Collaborative Research: Mechanisms of differentiation and morphogenesis of the ligule/auricle hinge

A fundamental question in plant biology is how plant cells are patterned to develop the specific forms and functions that comprise plant organs. This collaborative project will investigate the cellular and developmental genetic mechanisms whereby leaf boundary cells acquire their specialized cell fates, an agronomically important process that contributes to light capture and crop yield.

This project will train a graduate student and two postdoctoral scientists in state-of-the-art techniques in microscopy, gene expression and genome structure. Machine learning approaches will be used to analyze these complementary data. The project will also train undergraduate summer interns in these techniques and will sponsor yearly, hands-on, educational webinars and workshops on computational analyses of big biological data.

In addition, the data generated during this project will seed team-learning projects in a new course developed as part of a separate NSF-funded graduate student training grant, which will also sponsor a free, online training course on machine learning for plant scientists.

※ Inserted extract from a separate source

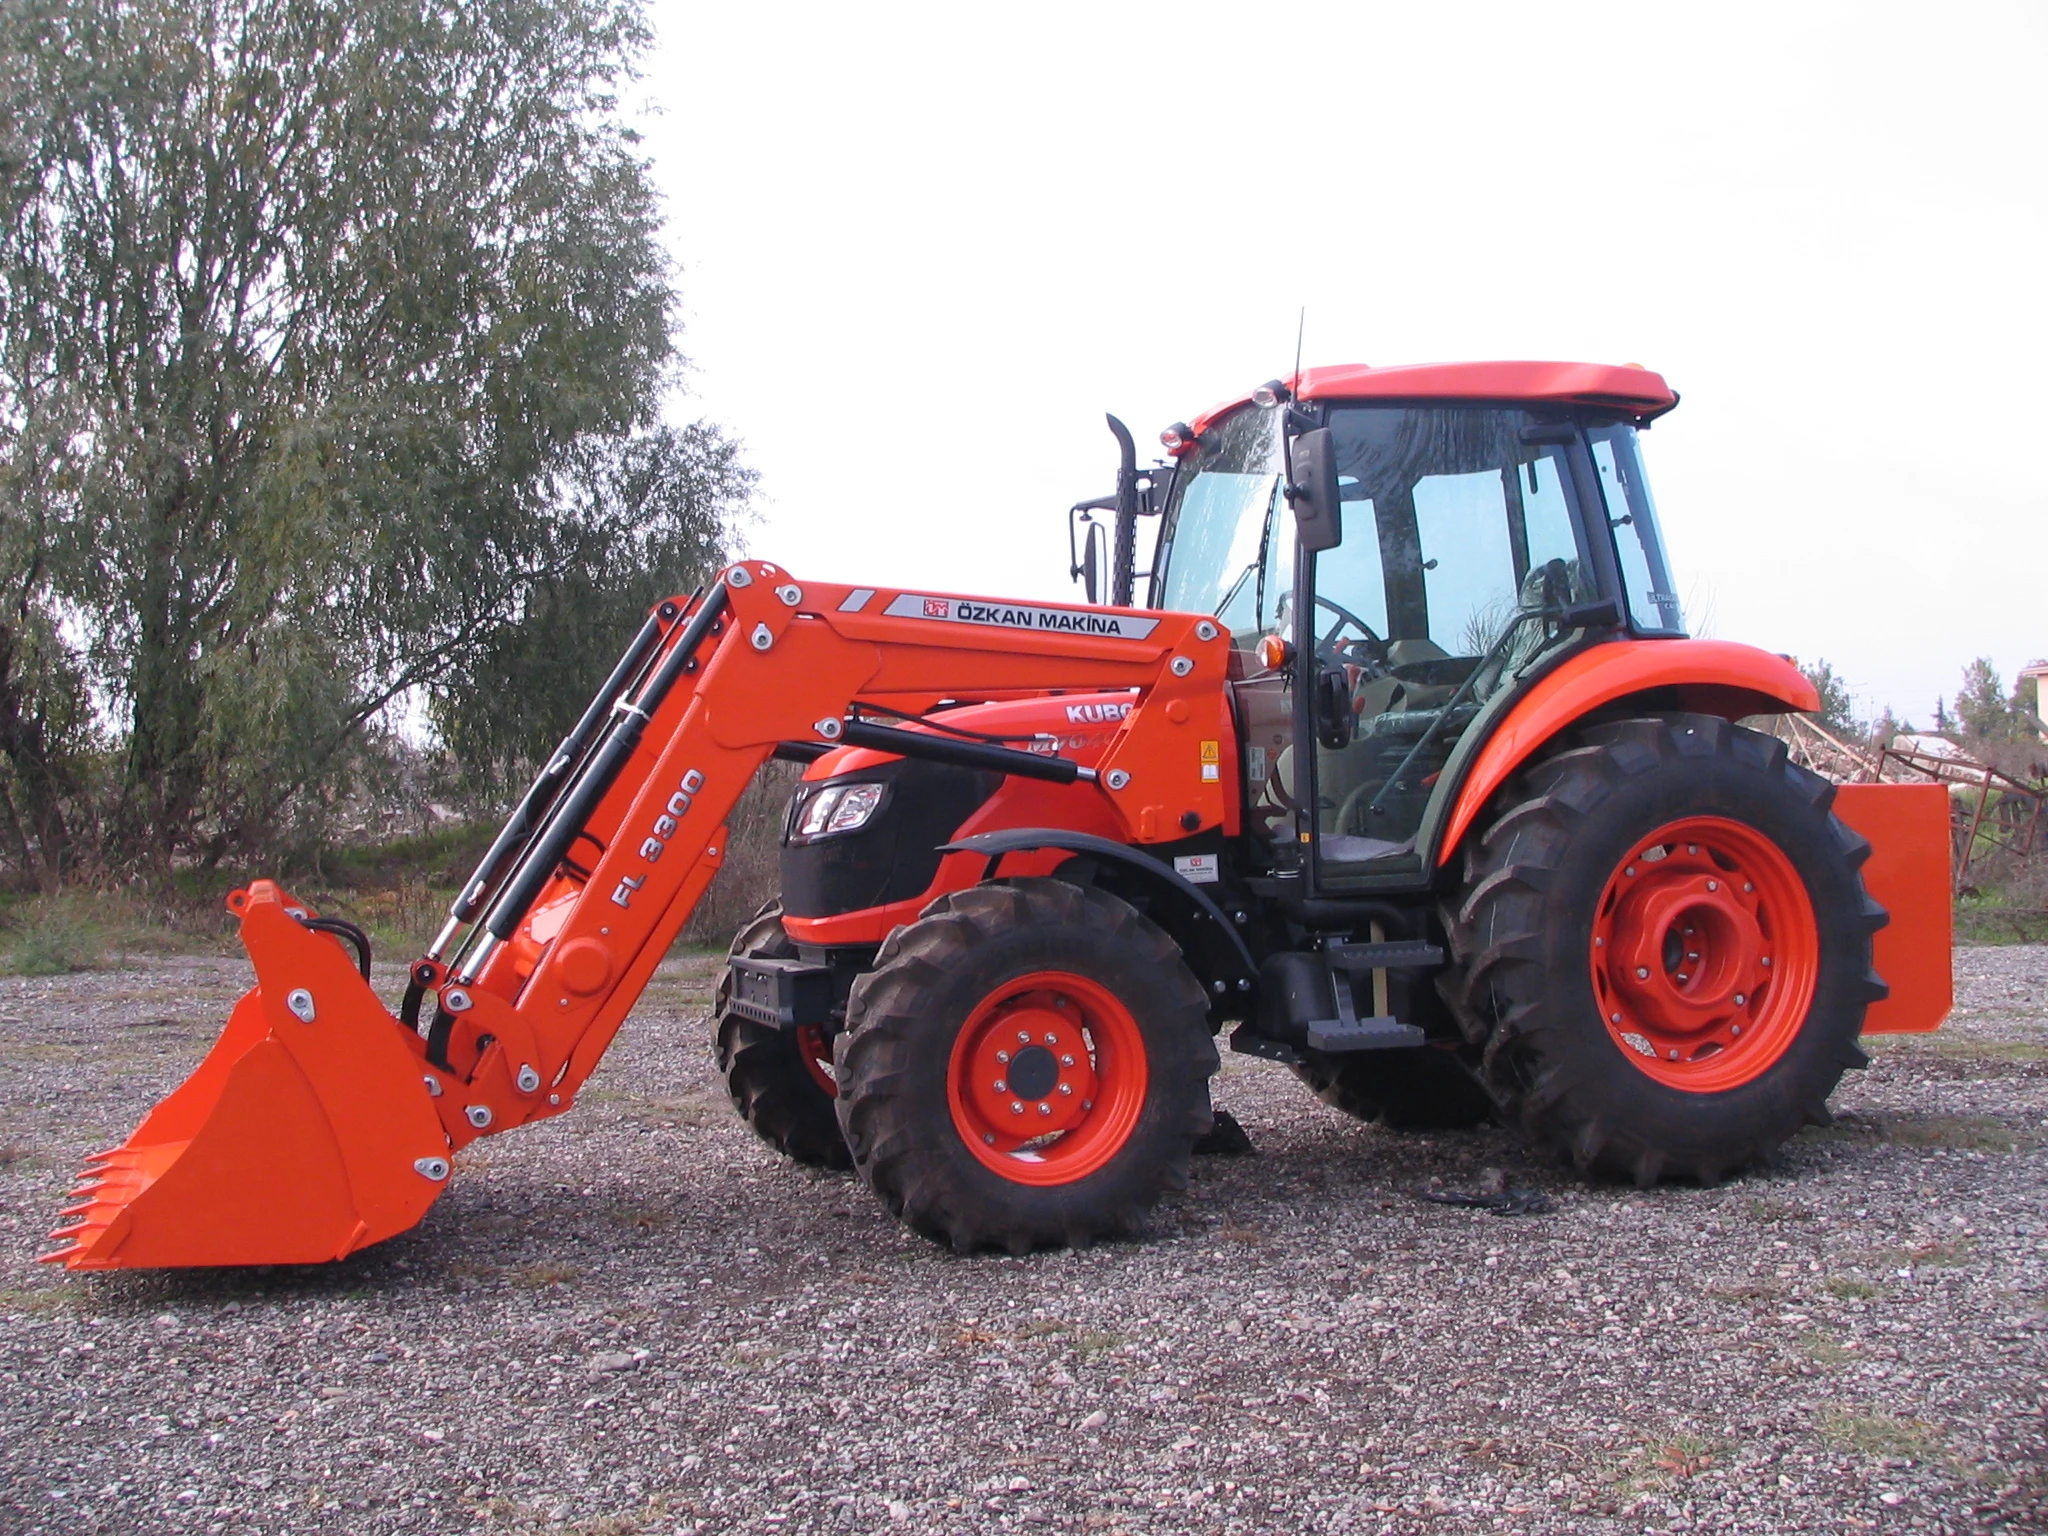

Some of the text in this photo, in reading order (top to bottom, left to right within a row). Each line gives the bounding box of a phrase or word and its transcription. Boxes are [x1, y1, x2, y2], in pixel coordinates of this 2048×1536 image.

How cell-fate acquisition is genetically regulated is the fundamental question in plant organogenesis. A common feature of multicellular organisms is the formation of distinct boundaries between developmentally distinct tissues of an organ. The ligule/auricle comprises the developmental boundary within maize leaves, forming a specialized hinge-like structure between the proximal, supportive sheath tissue and the distal, photosynthetic blade.

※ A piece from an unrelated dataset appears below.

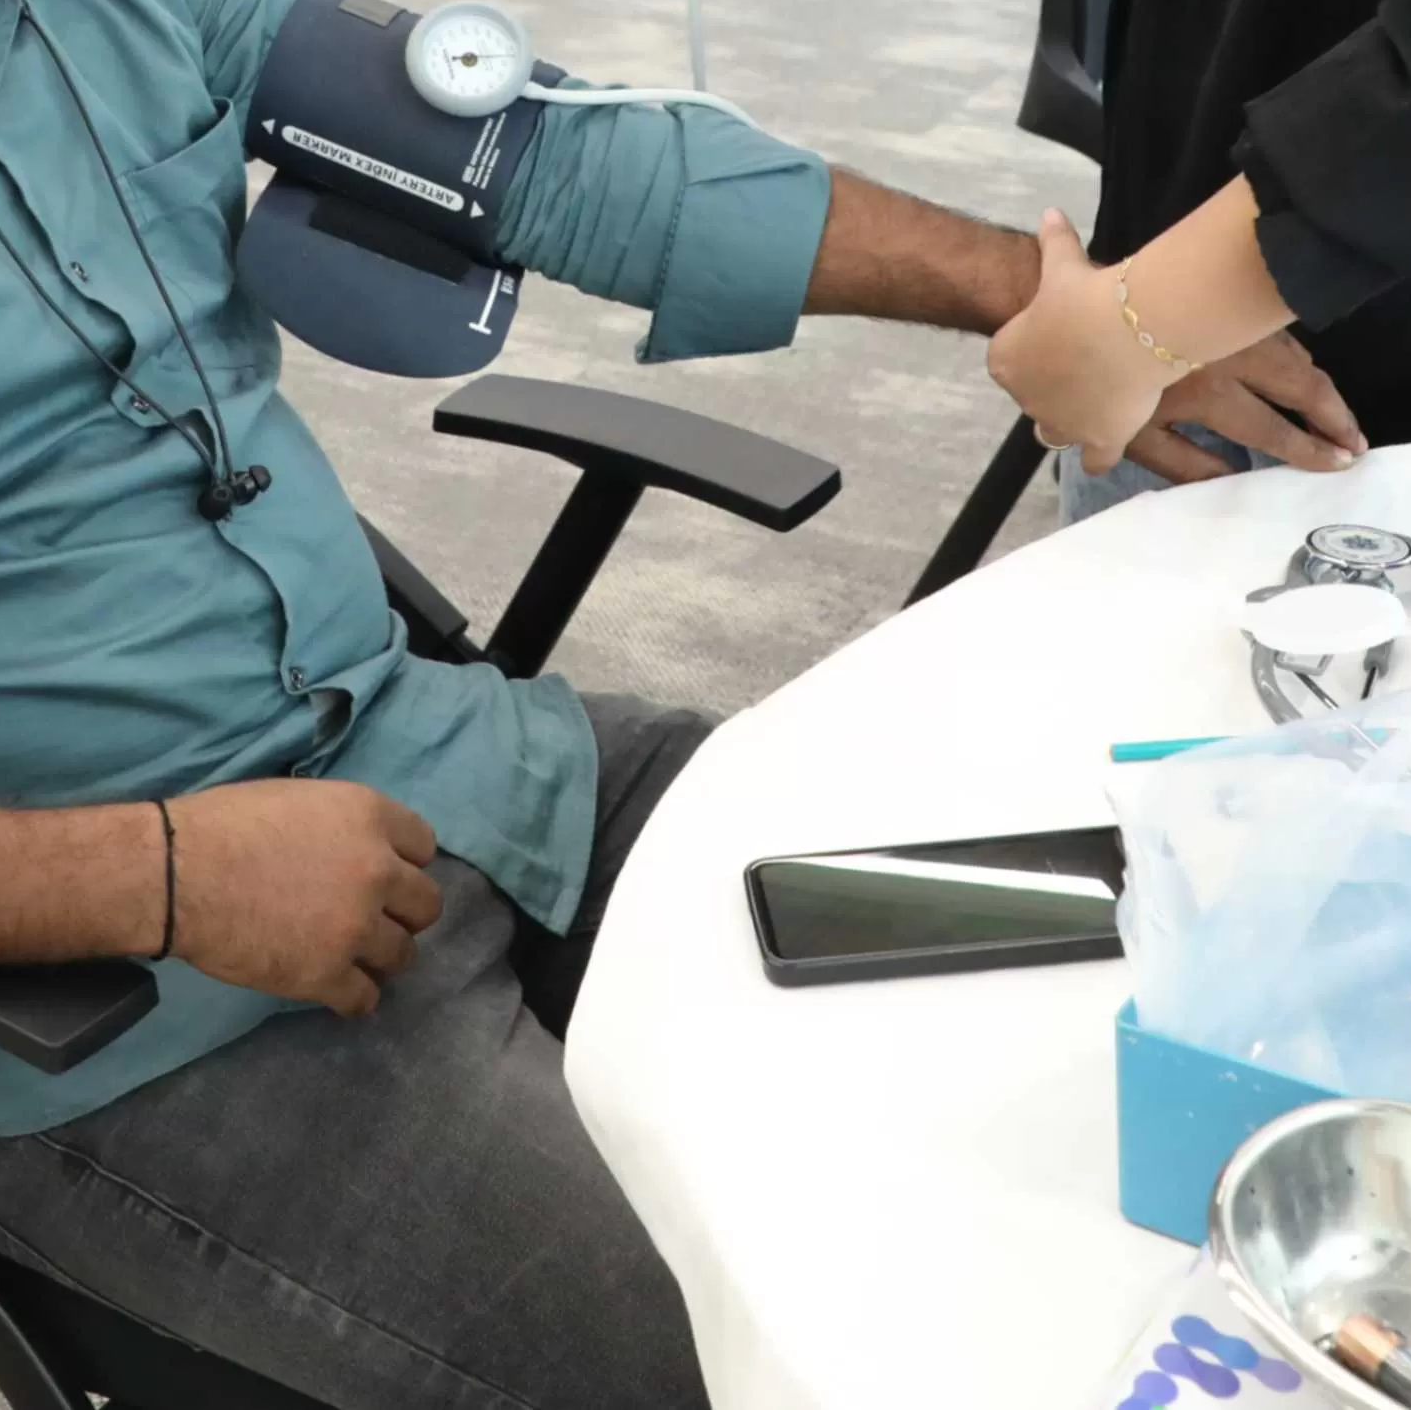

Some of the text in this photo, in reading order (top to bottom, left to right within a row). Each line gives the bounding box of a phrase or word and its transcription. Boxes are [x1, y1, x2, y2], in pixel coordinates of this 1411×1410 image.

[292, 131, 455, 205] ARTERY INDEX MARKER

Ligule/auricle morphology shows natural variation and is a genetically tractable trait; the resultant difference in leaf blade angle are relevant to maize improvement. The cellular parameters of ligule/auricle outgrowth will be characterized during three distinct ontogenetic stages. Single-cell RNA-seq will identify cell-specific genetic networks during ligule/auricle outgrowth, and single-cell ATAC-seq will identify key transcription factors and cis-regulatory features during these same three stages.

Machine learning strategies will synthesize and correlate these cell-biological, transcriptomic, and chromatin data, to identify genomic networks and candidate genes involved in ligule/auricle differentiation.

This award reflects NSF's statutory mission and has been deemed worthy of support through evaluation using the Foundation's intellectual merit and broader impacts review criteria.